#### Task description
Without including the images, transcribe each record precisely as it appears below.
+ + +
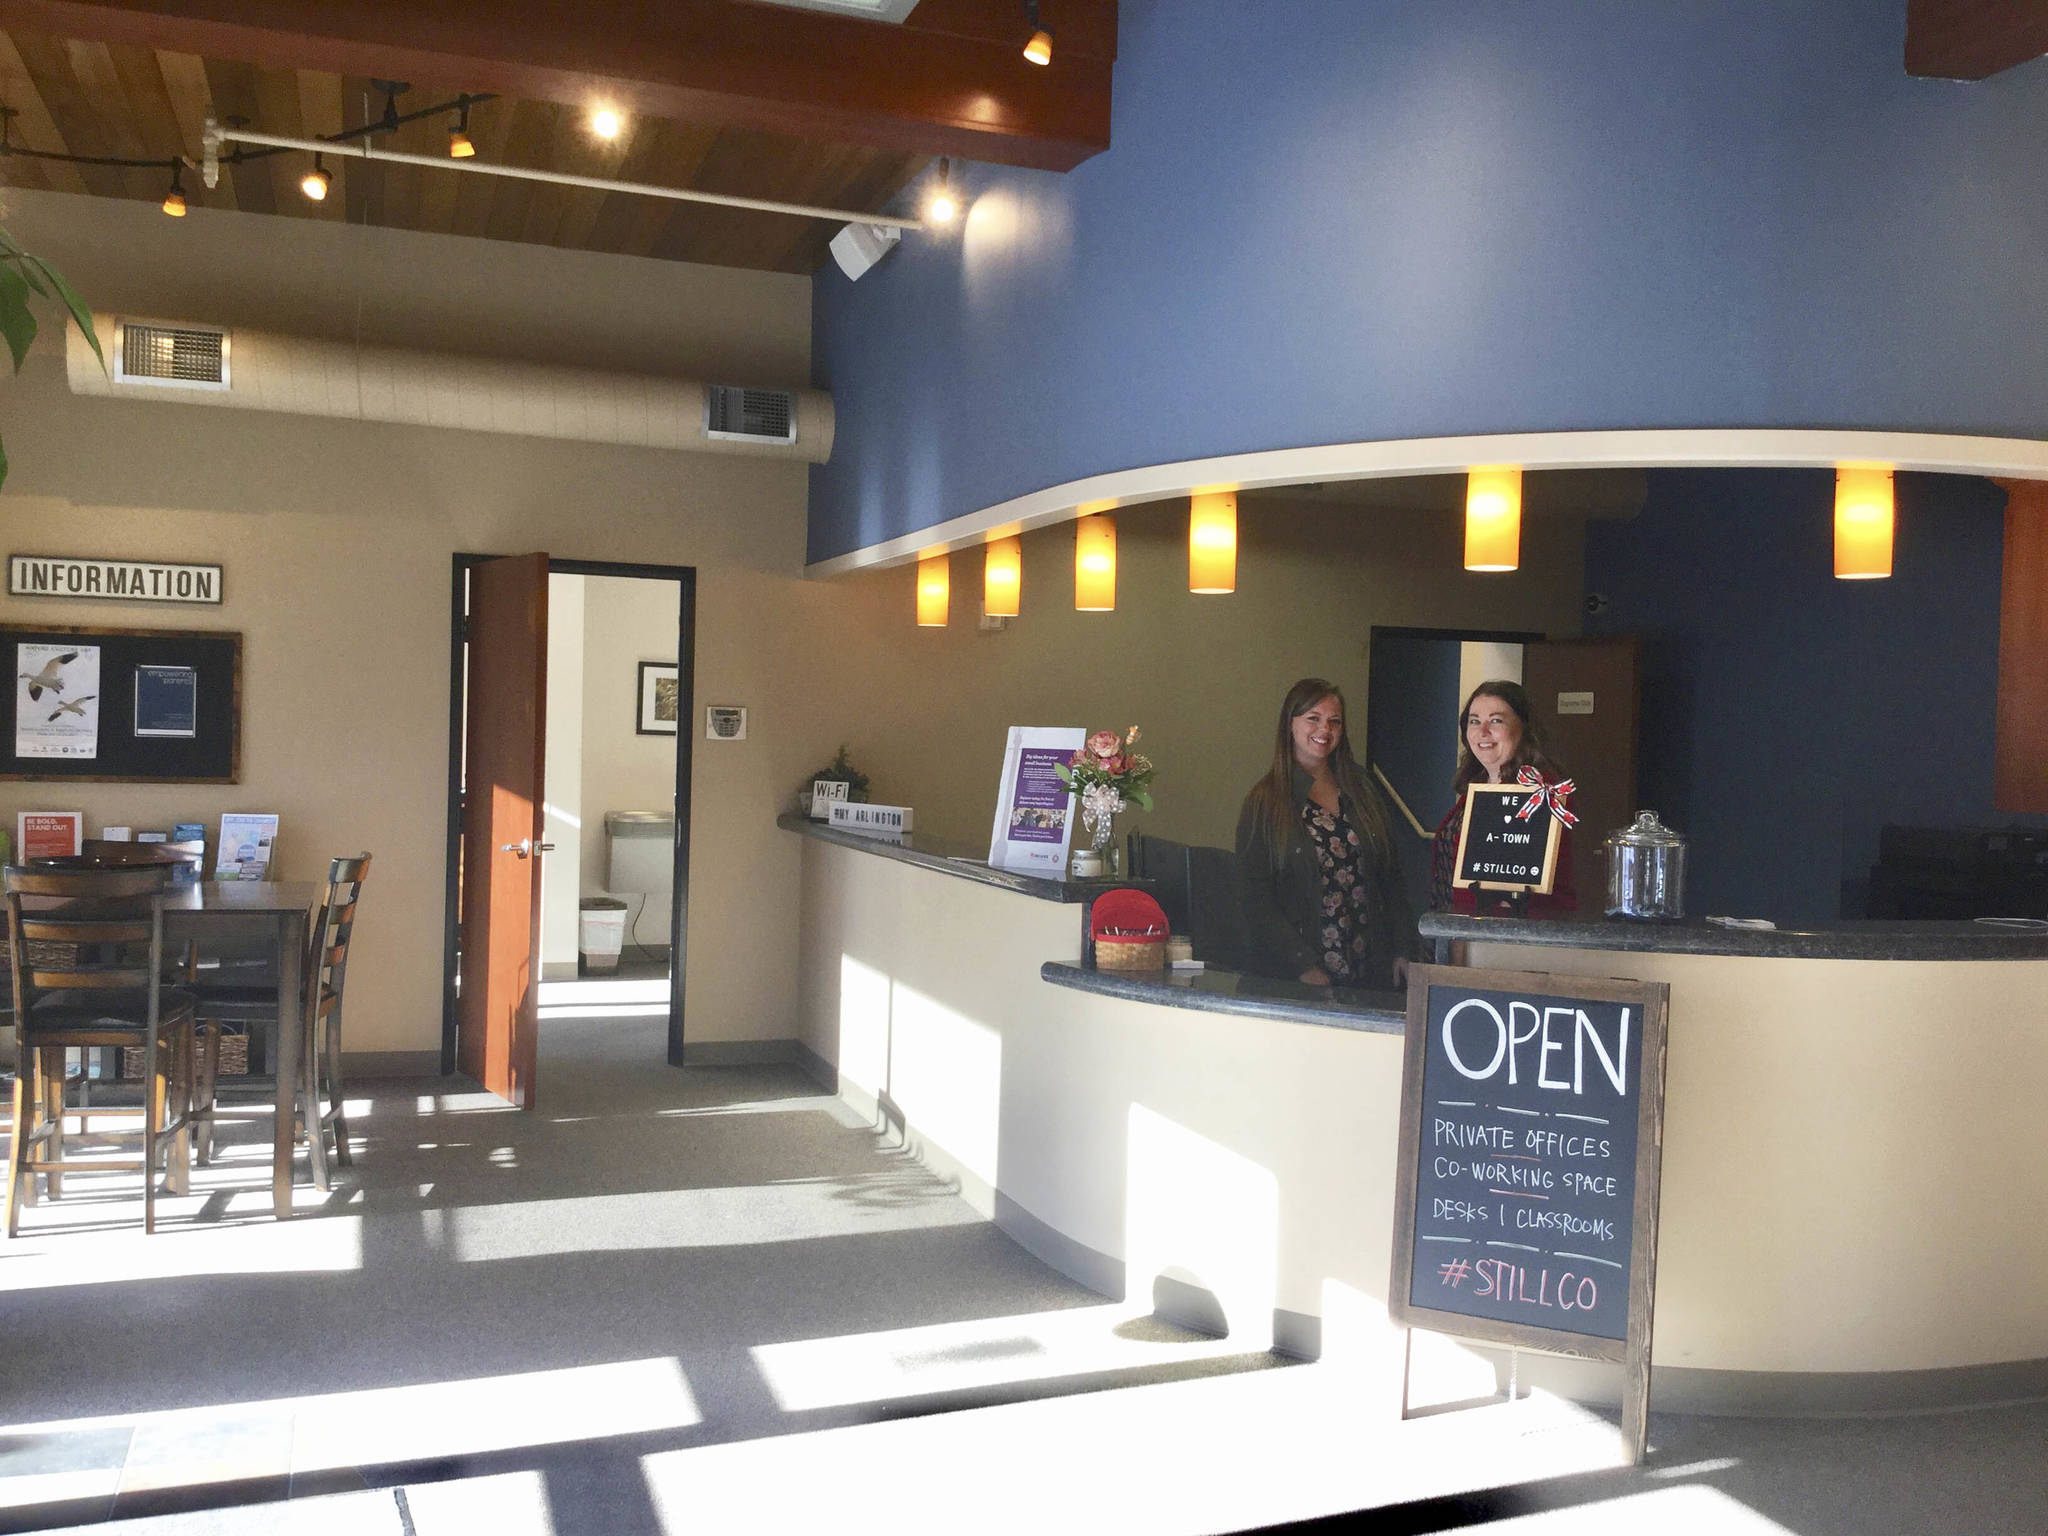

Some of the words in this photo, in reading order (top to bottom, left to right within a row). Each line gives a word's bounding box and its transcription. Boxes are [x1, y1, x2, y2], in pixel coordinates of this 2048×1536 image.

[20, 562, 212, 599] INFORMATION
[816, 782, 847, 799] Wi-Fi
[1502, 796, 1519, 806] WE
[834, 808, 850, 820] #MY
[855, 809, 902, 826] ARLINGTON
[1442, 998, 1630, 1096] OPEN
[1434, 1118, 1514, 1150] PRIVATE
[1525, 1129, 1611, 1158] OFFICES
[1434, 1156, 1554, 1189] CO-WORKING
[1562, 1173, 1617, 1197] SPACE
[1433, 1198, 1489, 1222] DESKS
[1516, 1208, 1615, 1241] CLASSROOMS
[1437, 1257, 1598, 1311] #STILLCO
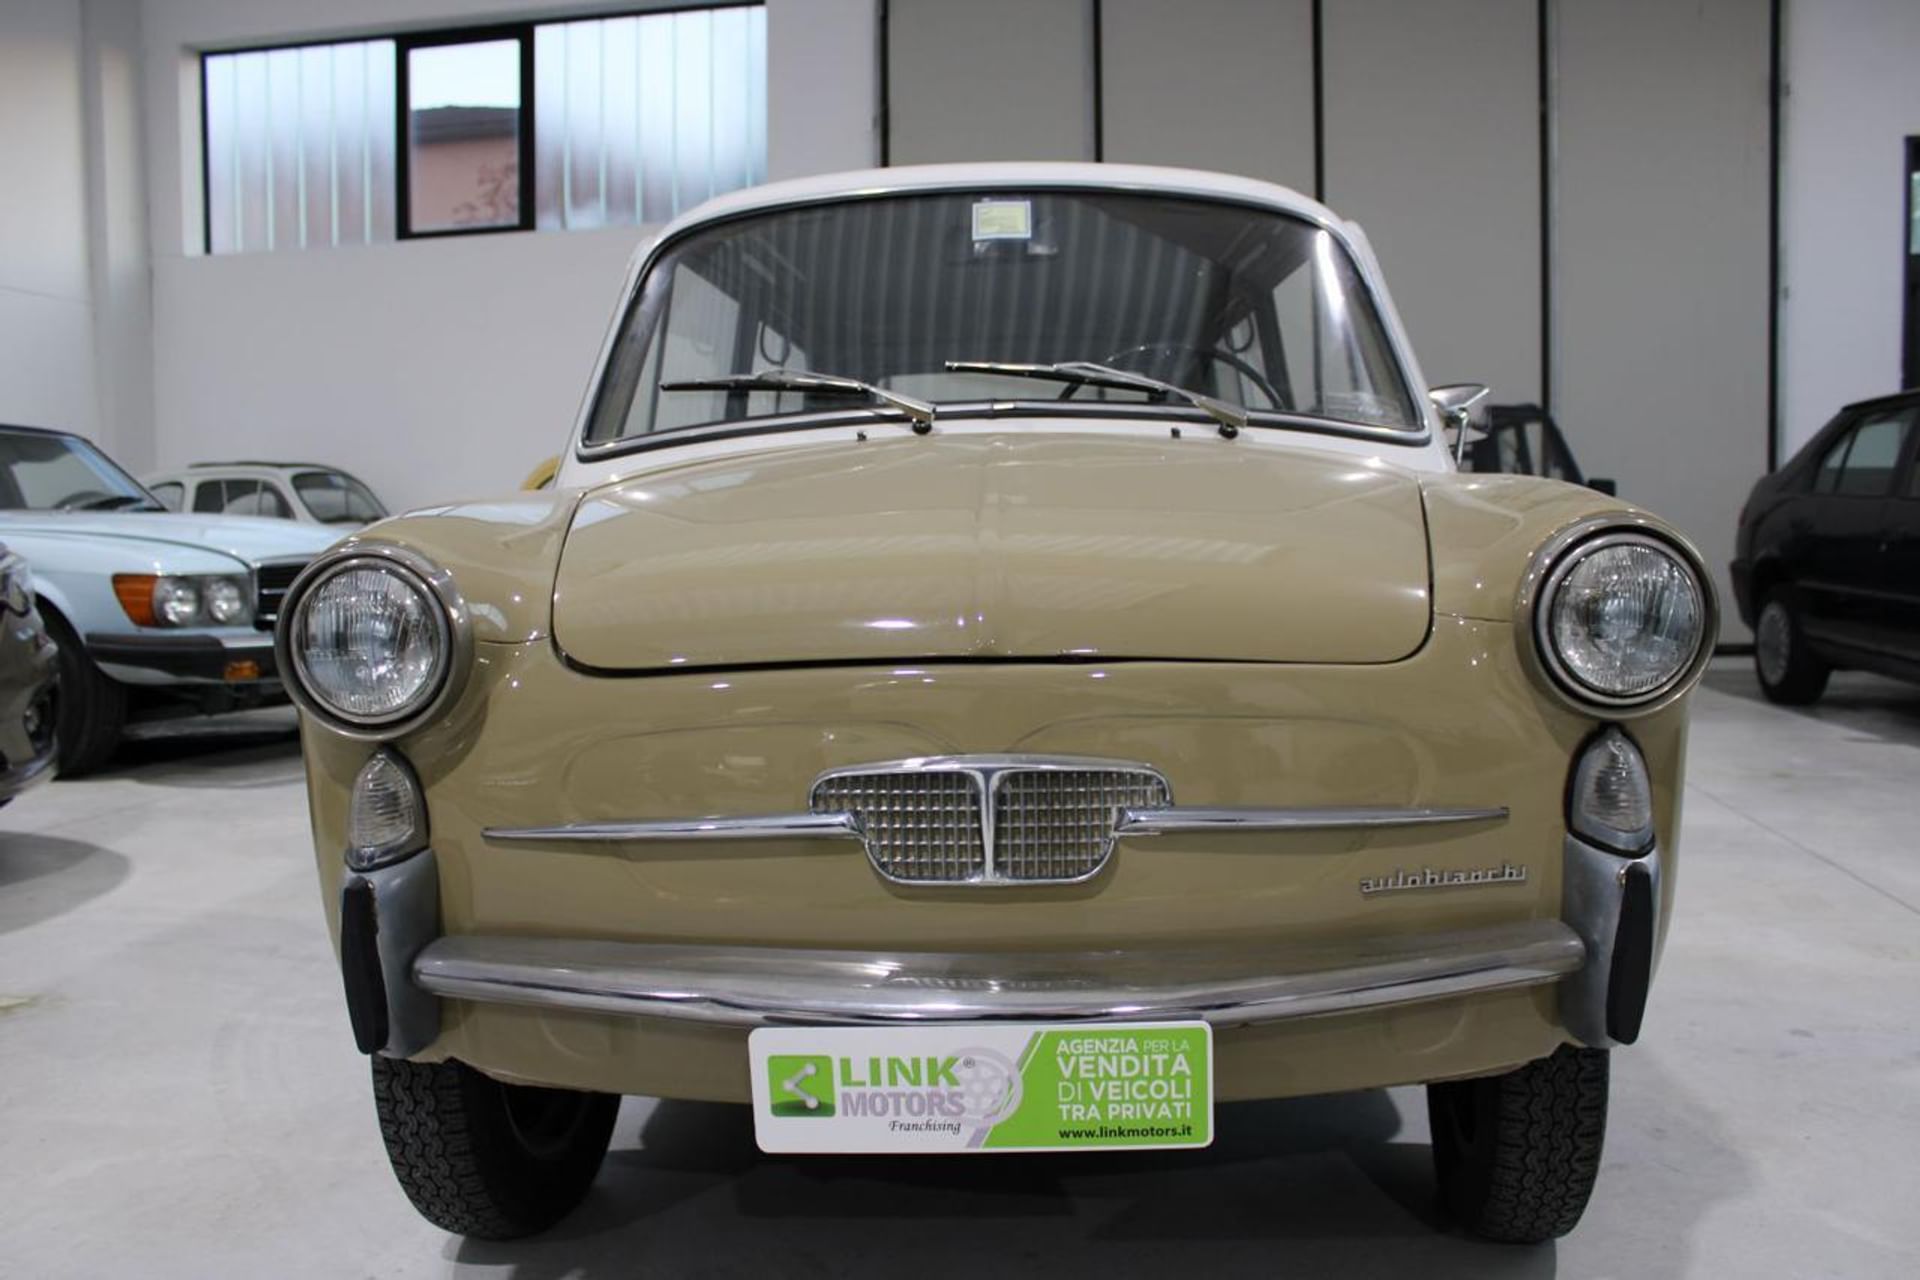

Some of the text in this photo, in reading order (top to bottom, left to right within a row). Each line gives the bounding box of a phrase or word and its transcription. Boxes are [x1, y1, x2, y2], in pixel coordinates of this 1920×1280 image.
+ + +
#### Task answer
Some of the words in this photo, in reading order (top to bottom, left to right within a row). Each line gives a word's bounding box and its transcription. Boxes are [x1, y1, x2, y2], in pixel coordinates of this 2048×1536 image.

[20, 562, 212, 599] INFORMATION
[816, 782, 847, 799] Wi-Fi
[1502, 796, 1519, 806] WE
[834, 808, 850, 820] #MY
[855, 809, 902, 826] ARLINGTON
[1442, 998, 1630, 1096] OPEN
[1434, 1118, 1514, 1150] PRIVATE
[1525, 1129, 1611, 1158] OFFICES
[1434, 1156, 1554, 1189] CO-WORKING
[1562, 1173, 1617, 1197] SPACE
[1433, 1198, 1489, 1222] DESKS
[1516, 1208, 1615, 1241] CLASSROOMS
[1437, 1257, 1598, 1311] #STILLCO

Some of the text in this photo, in reading order (top to bottom, left to right within a row). Each line gives the bounding box of a phrase or word and its transcription. Boxes are [x1, y1, x2, y2], in pixel coordinates of this 1920×1280 image.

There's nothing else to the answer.